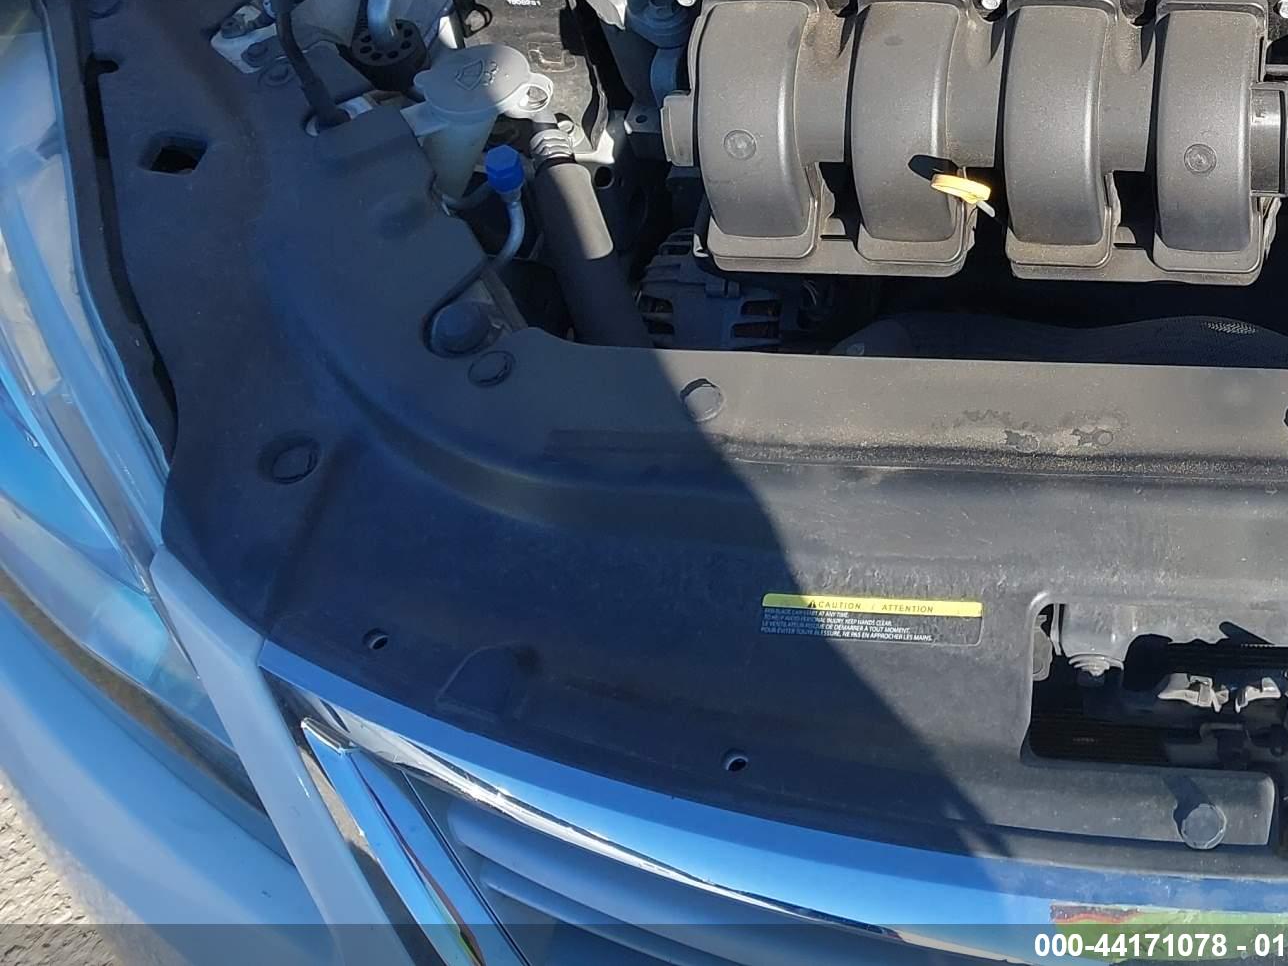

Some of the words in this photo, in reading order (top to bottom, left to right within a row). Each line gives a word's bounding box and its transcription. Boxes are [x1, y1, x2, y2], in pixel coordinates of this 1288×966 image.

[818, 601, 861, 610] CAUTION
[881, 604, 934, 613] ATTENTION
[870, 632, 903, 640] APPROCHER
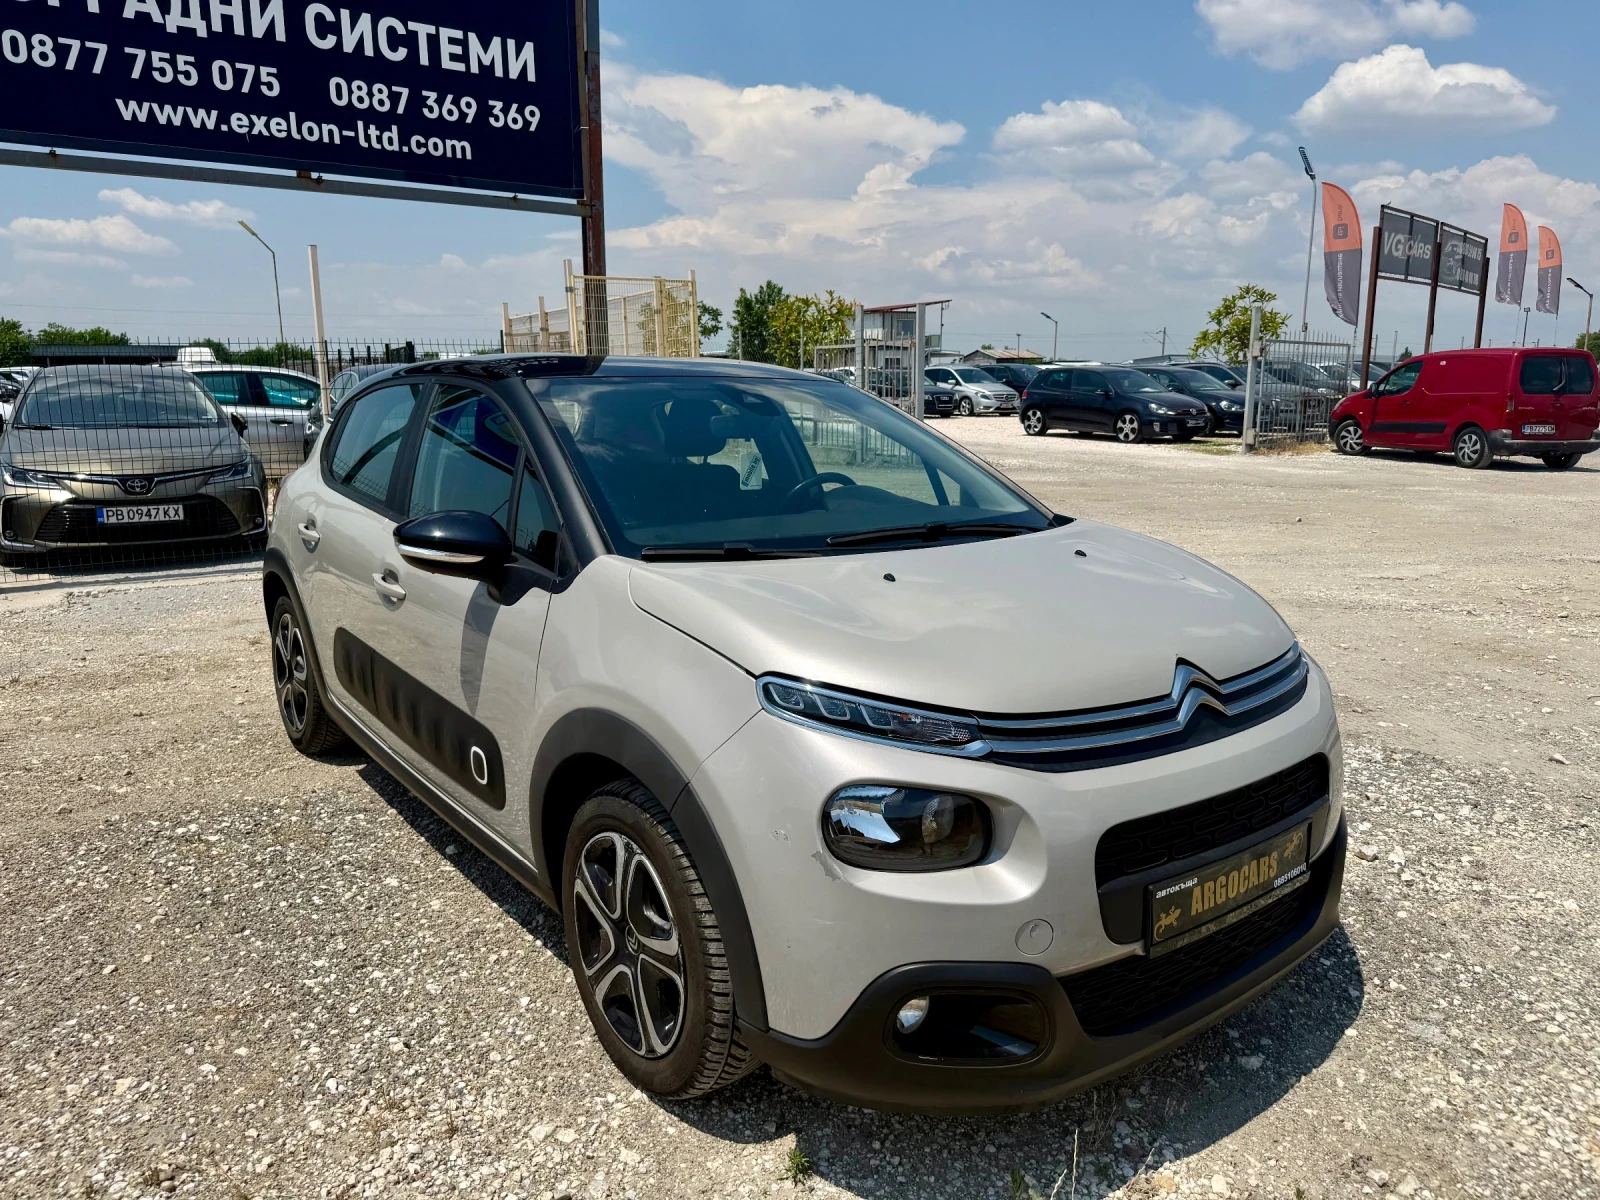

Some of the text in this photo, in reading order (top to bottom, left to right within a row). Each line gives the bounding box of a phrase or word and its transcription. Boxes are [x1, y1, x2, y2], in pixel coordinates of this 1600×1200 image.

[1, 29, 281, 97] 0877 755 075
[15, 0, 537, 83] АДНИ СИСТЕМИ
[115, 98, 473, 161] www.exelon-ltd.com
[328, 76, 541, 132] 0887 369 369
[1384, 231, 1405, 258] VG
[1405, 240, 1432, 259] CARS
[105, 509, 125, 522] PB
[127, 507, 160, 521] 0947
[163, 506, 181, 519] KX
[1155, 877, 1198, 899] автокъща
[1190, 851, 1278, 916] ARGOCARS
[1273, 862, 1307, 888] 0885106010
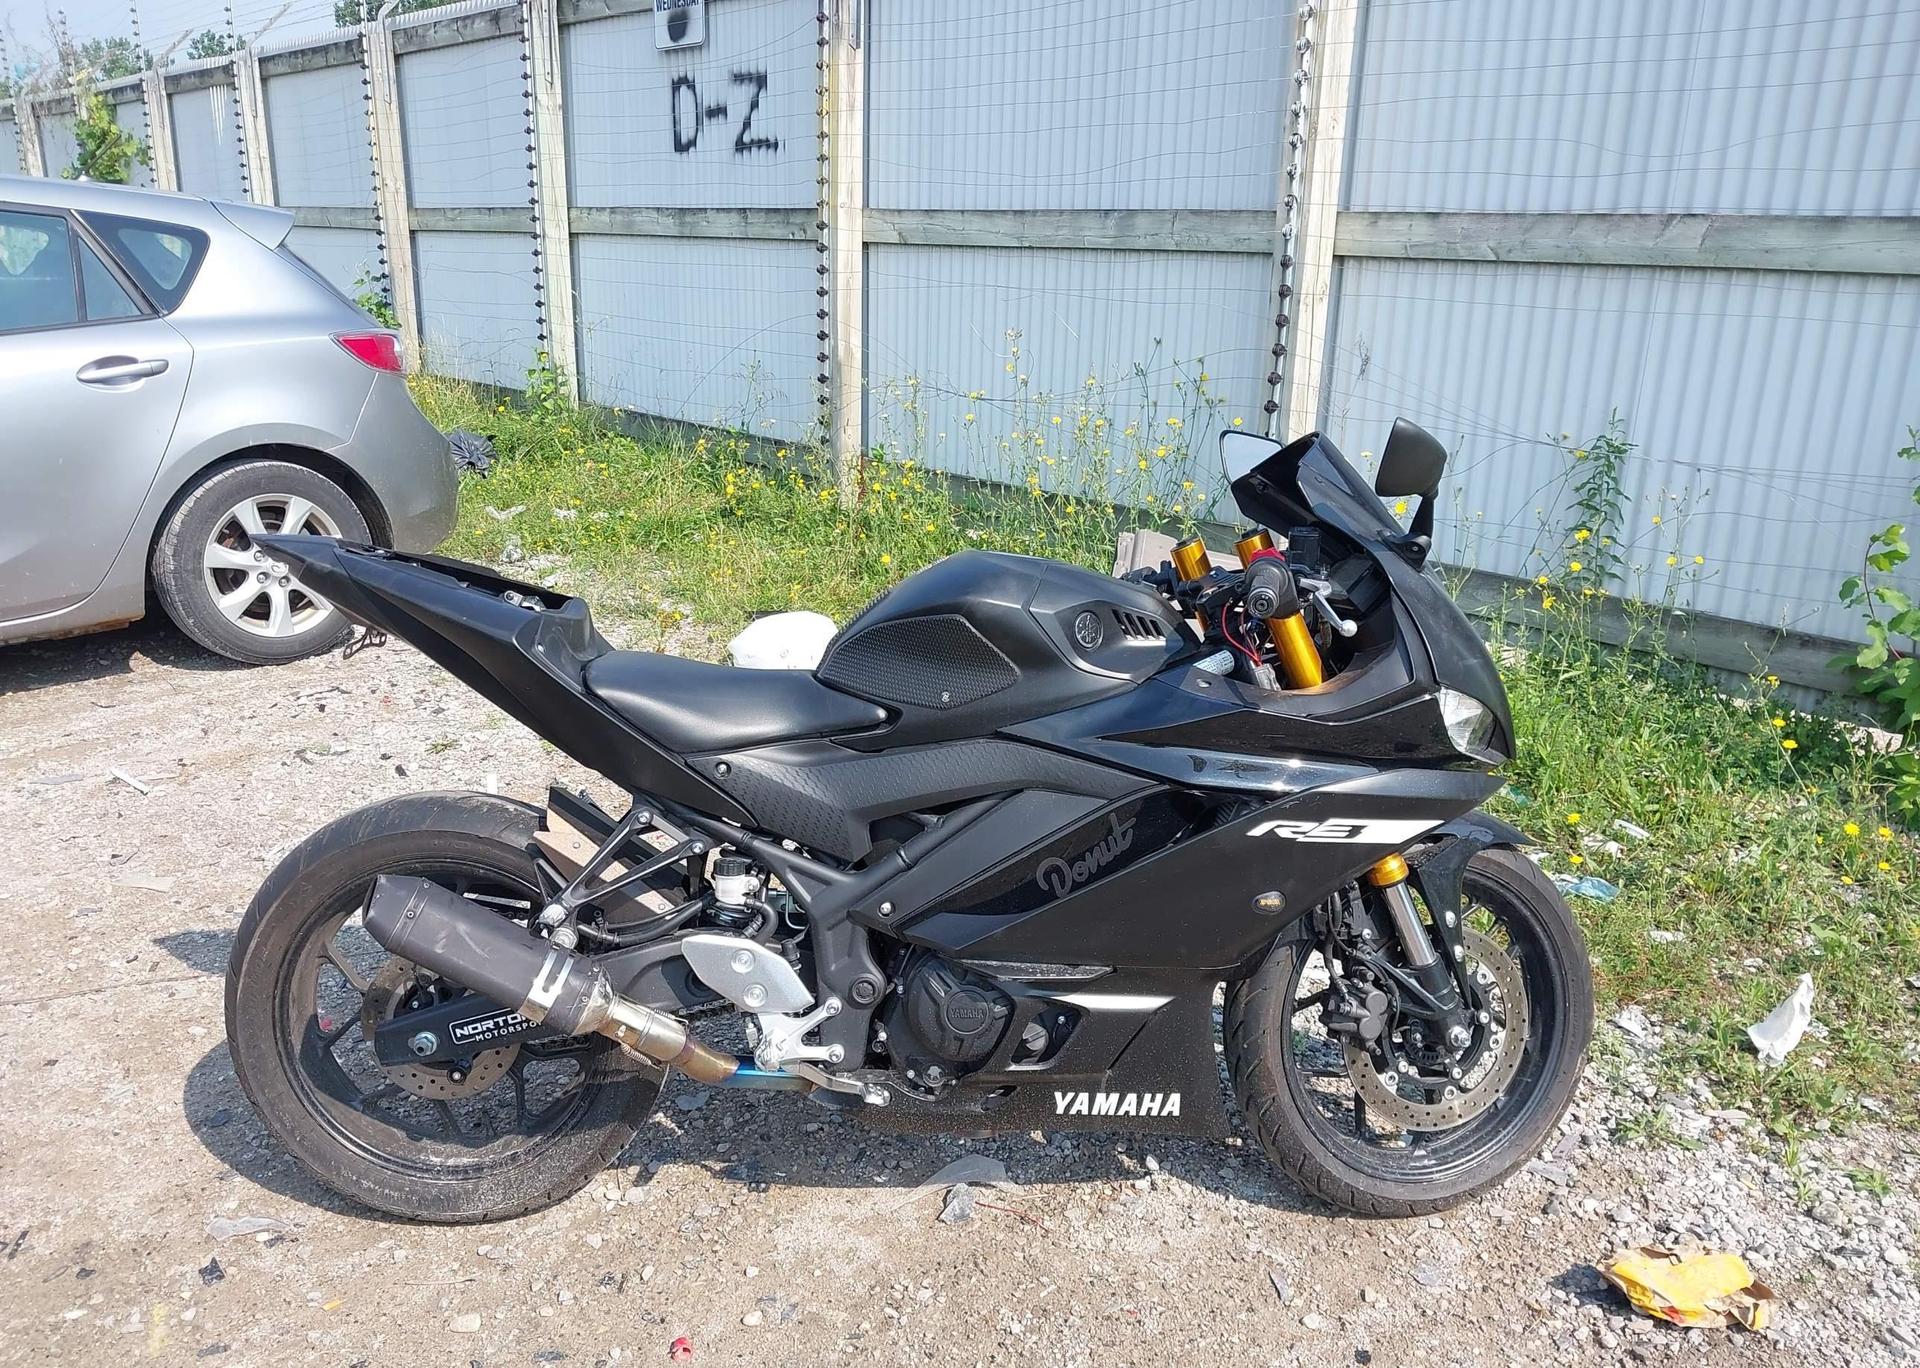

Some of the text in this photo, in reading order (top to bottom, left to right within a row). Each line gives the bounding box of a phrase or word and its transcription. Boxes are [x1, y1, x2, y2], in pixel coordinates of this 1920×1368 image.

[1036, 812, 1137, 898] Donut
[454, 1012, 526, 1038] NORTO
[950, 1008, 984, 1019] YAMAHA
[475, 1020, 542, 1042] MOTORSPO
[1054, 1091, 1181, 1117] YAMAHA

§ §

Please make your reply exactly the lines from the one containing "this 1920×1368 image." through the end of the entries above, and nothing more.

_SOLUTION:_
Some of the text in this photo, in reading order (top to bottom, left to right within a row). Each line gives the bounding box of a phrase or word and its transcription. Boxes are [x1, y1, x2, y2], in pixel coordinates of this 1920×1368 image.

[1036, 812, 1137, 898] Donut
[454, 1012, 526, 1038] NORTO
[950, 1008, 984, 1019] YAMAHA
[475, 1020, 542, 1042] MOTORSPO
[1054, 1091, 1181, 1117] YAMAHA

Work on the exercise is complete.